10 of 12 seats in the Dagupan City council 7 seats needed for a majority
|  | First party | Second party | Third party |
| Party | PFP | Nacionalista | Independent |
| Last election | Did not participate | 7 seats, 48.17% | no seats, 4.70% |
| Seats before | new | 7 seats | 0 seat |
| Seats won | 9 | 1 | 0 |
| Seat change | new | −6 | Steady |
| Popular vote | 611,701 | 401,498 | 16,095 |
| Percentage | 59.43% | 39.01% | 1.56% |

= 2025 Dagupan local elections =

Local elections were held in Dagupan, Pangasinan on May 12, 2025, as part of the 2025 Philippine general election. The electorate elected a mayor, vice mayor, and 10 members of the Dagupan City Council. The officials elected in this election assumed their respective offices on June 30, 2025, for a three-year-long term.

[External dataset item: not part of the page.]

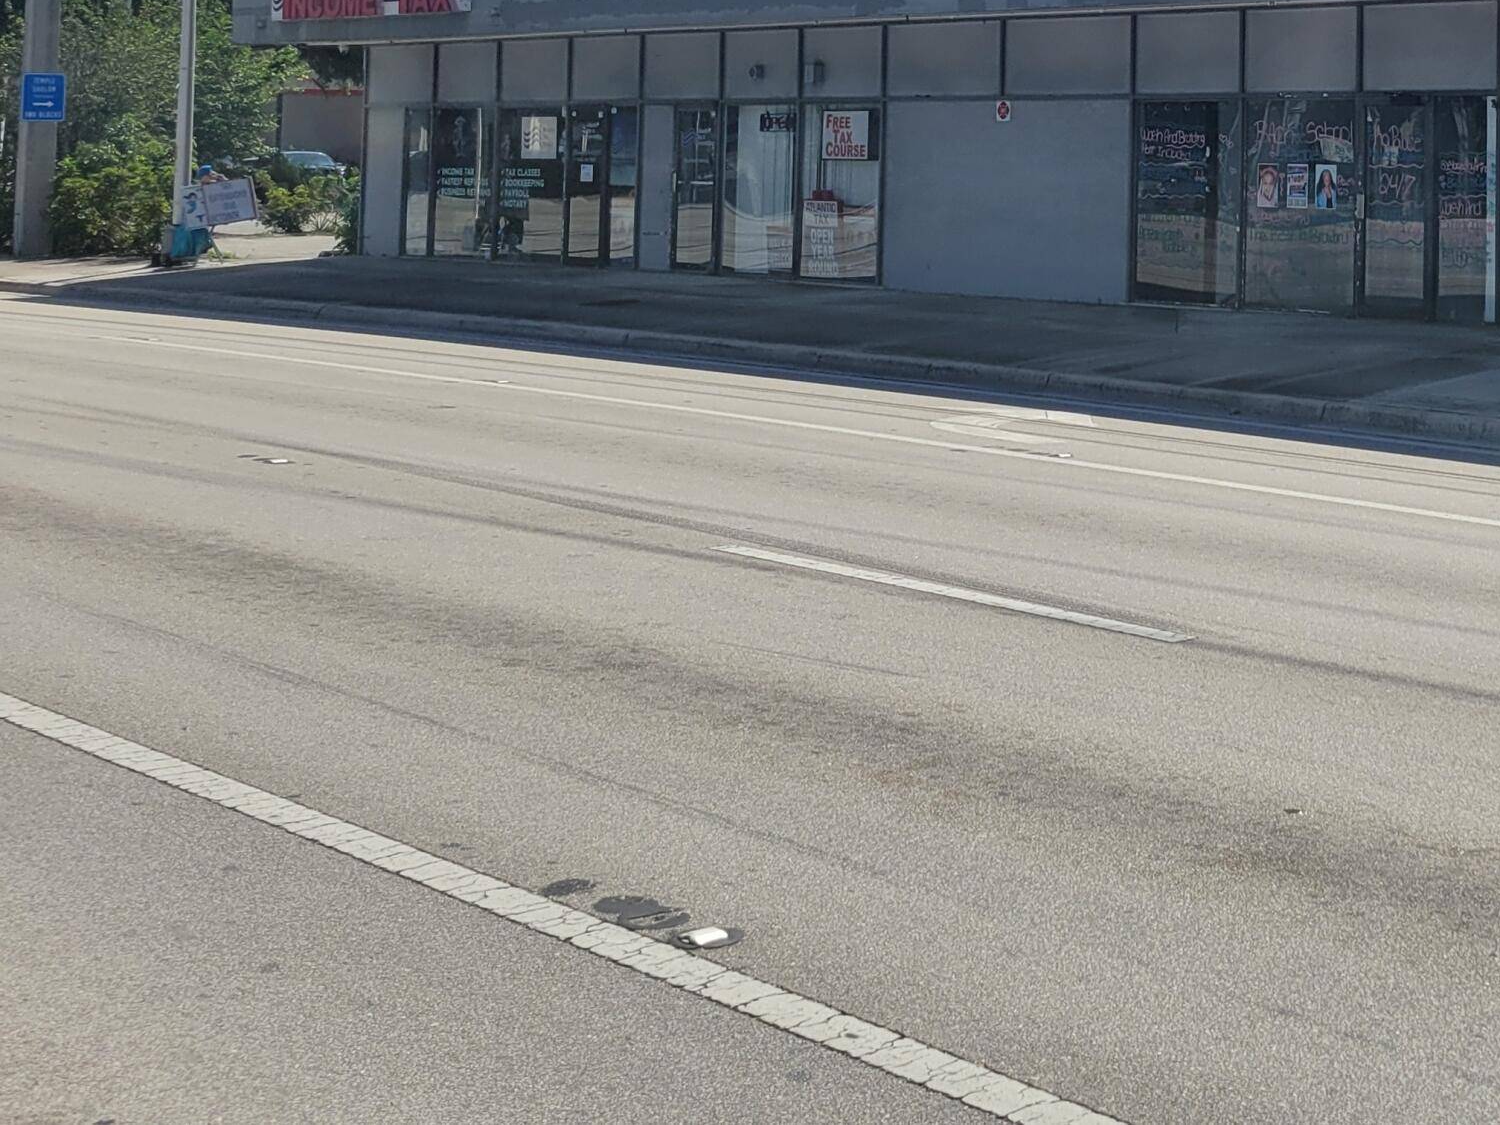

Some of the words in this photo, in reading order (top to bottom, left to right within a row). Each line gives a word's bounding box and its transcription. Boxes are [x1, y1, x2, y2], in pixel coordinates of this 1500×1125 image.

Belen Fernandez and Bryan Kua were re-elected mayor on her second consecutive term and vice mayor on his third term respectively, defeating the mother-son duo Celia Lim and Brian Lim.

== Background ==

In the 2022 elections, incumbent Mayor Brian Lim was defeated by Belen Fernandez in a rematch with a margin of 14,457 votes. In the vice mayoral election, incumbent Dean Bryan Kua defeated Carlos Alipio Fernandez, with a margin of 31,077 votes.

On Monday, Oct. 7 2025. Incumbent Mayor Belen Fernandez was challenged by Councilor Celia Lim, who officially filed her certificate of candidacy (COC).

Lim, running under the Nacionalista Party, was joined by her son, former Mayor Brian Lim, who is her vice mayoral candidate, along with their full slate of councilors.

== Electoral system ==
Local elections in the Philippines take place every three years on the second Monday of May starting in 1992 and every three years thereafter, as per the 1987 constitution. Single-member positions such as mayor and vice mayor are chosen through a first-past-the-post system. The mayor, vice mayor, and the city councilors are elected by all voters in the city at large.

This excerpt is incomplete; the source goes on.